In re Fite
Decision Date | 12 October 1912 |
Docket Number | 4,463. |
Parties | In re FITE. |
Court | Georgia Court of Appeals |
Syllabus by the Court.
An answer to a rule for contempt in the writing and publication of an article in a daily newspaper, containing an allegation that the publication of the article in question "is within the rights and privileges guaranteed by the Constitution (article 1, § 1, par. 15), which declares that any person may speak, write, or publish his sentiments on all subjects, being responsible for the abuse of that liberty," presents no question of a constitutional character for certification by this court to the Supreme Court. It does not involve a "construction of a provision of the Constitution of this state or of the United States," or "the constitutionality of an act of the General Assembly."

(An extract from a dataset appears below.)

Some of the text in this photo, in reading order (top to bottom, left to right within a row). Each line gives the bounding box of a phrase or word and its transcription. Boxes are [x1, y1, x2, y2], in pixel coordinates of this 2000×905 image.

The power to punish contempts summarily is incident to courts of record, and to try a case of contempt without the intervention of a jury violates no constitutional provision. As to courts created by the Constitution, the right to define contempts cannot be abridged or taken away by legislative action. The Court of Appeals of Georgia is a constitutional court.

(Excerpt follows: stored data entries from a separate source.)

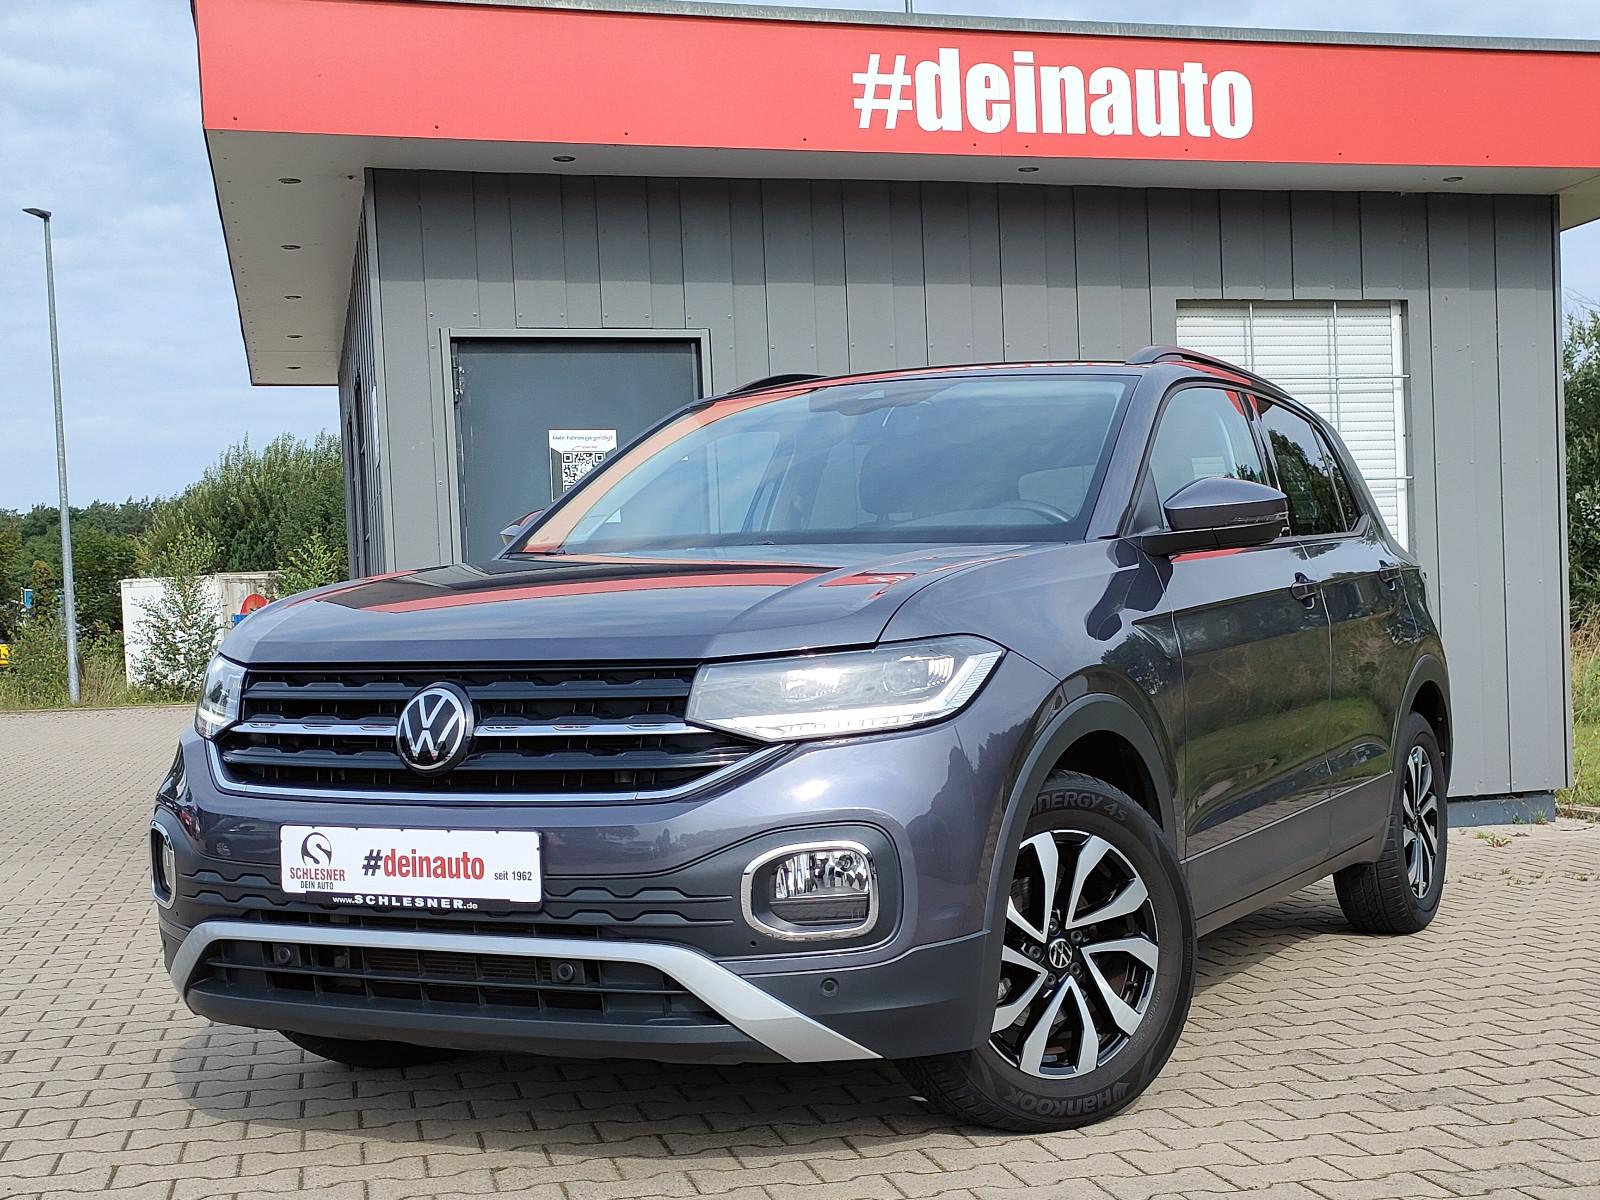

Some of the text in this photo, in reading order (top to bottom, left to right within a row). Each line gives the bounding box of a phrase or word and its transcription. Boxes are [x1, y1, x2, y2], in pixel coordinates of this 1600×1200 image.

[851, 47, 1253, 140] #deinauto
[361, 848, 485, 880] #deinauto
[289, 867, 346, 882] SCHLESNER
[494, 870, 533, 881] seit 1962
[300, 880, 334, 891] DEIN AUTO
[332, 894, 478, 910] www.SCHLESNER.de
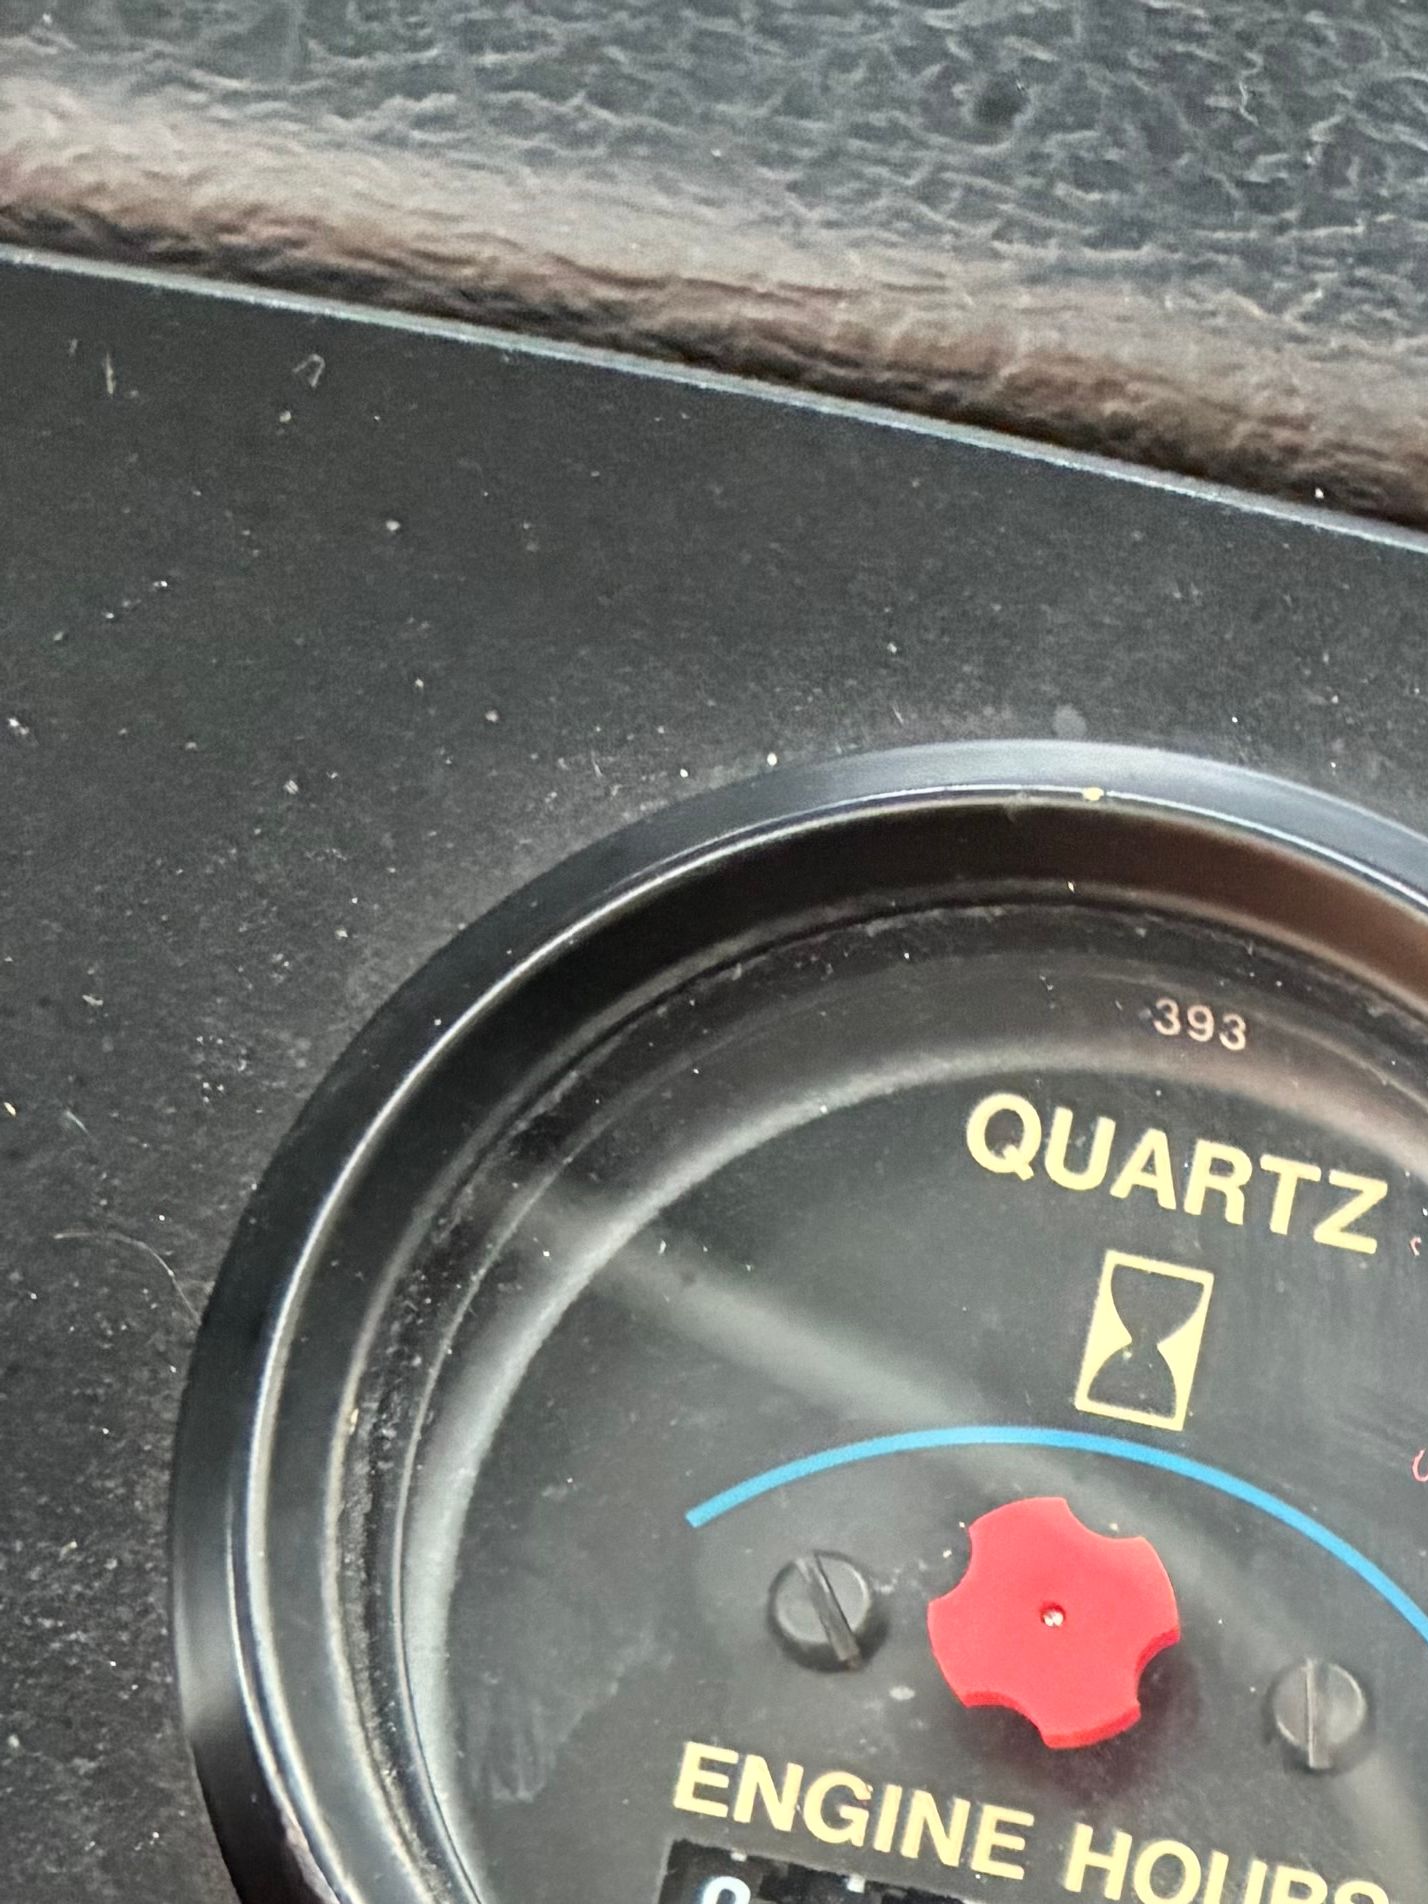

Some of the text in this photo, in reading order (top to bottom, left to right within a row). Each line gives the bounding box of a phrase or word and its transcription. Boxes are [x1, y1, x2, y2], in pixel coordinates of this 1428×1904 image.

[1153, 998, 1248, 1052] 393
[966, 1093, 1389, 1255] QUARTZ
[674, 1742, 1034, 1879] ENGINE

Only the court offended or scandalized by a criminal contempt, or whose authority is defied, has power to punish for the contempt, or to entertain proceedings to that end.

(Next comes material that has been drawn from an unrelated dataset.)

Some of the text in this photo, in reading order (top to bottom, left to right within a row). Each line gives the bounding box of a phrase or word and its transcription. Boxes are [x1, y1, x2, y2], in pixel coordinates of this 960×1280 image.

A "criminal contempt" is an act committed against the court as an agency of the government, and as to this class of contempts the public is primarily interested. A contempt of this character may consist in "speaking or writing contemptuously of the court, or judges acting in their judicial capacity." Contempts of this character need not relate to a cause that is still pending in the court.
A case decided in the Court of Appeals, remains pending therein until the adjournment of the term at which the decision was rendered, unless the remittitur has been transmitted to the trial court. Until then the judgment of the reviewing court is subject to be modified or entirely changed, on motion of either party for a rehearing timely filed, or by the court ex mero motu.
The constitutional right of freedom of speech or of the press was not intended as a refuge for the contemner or slanderer or libeler. Contempt of court, slander, and libel constitute abuses of the privilege, for the commission of which the offenders are justly and lawfully punishable.
The meaning and intent of a published article are to be determined by a fair interpretation of the language used, and when the only construction of the language used is that it is offensive and contemptuous, a mere statement by the writer or publisher that no disrespect to the court or the judges was intended furnishes no reason for discharging the rule for contempt.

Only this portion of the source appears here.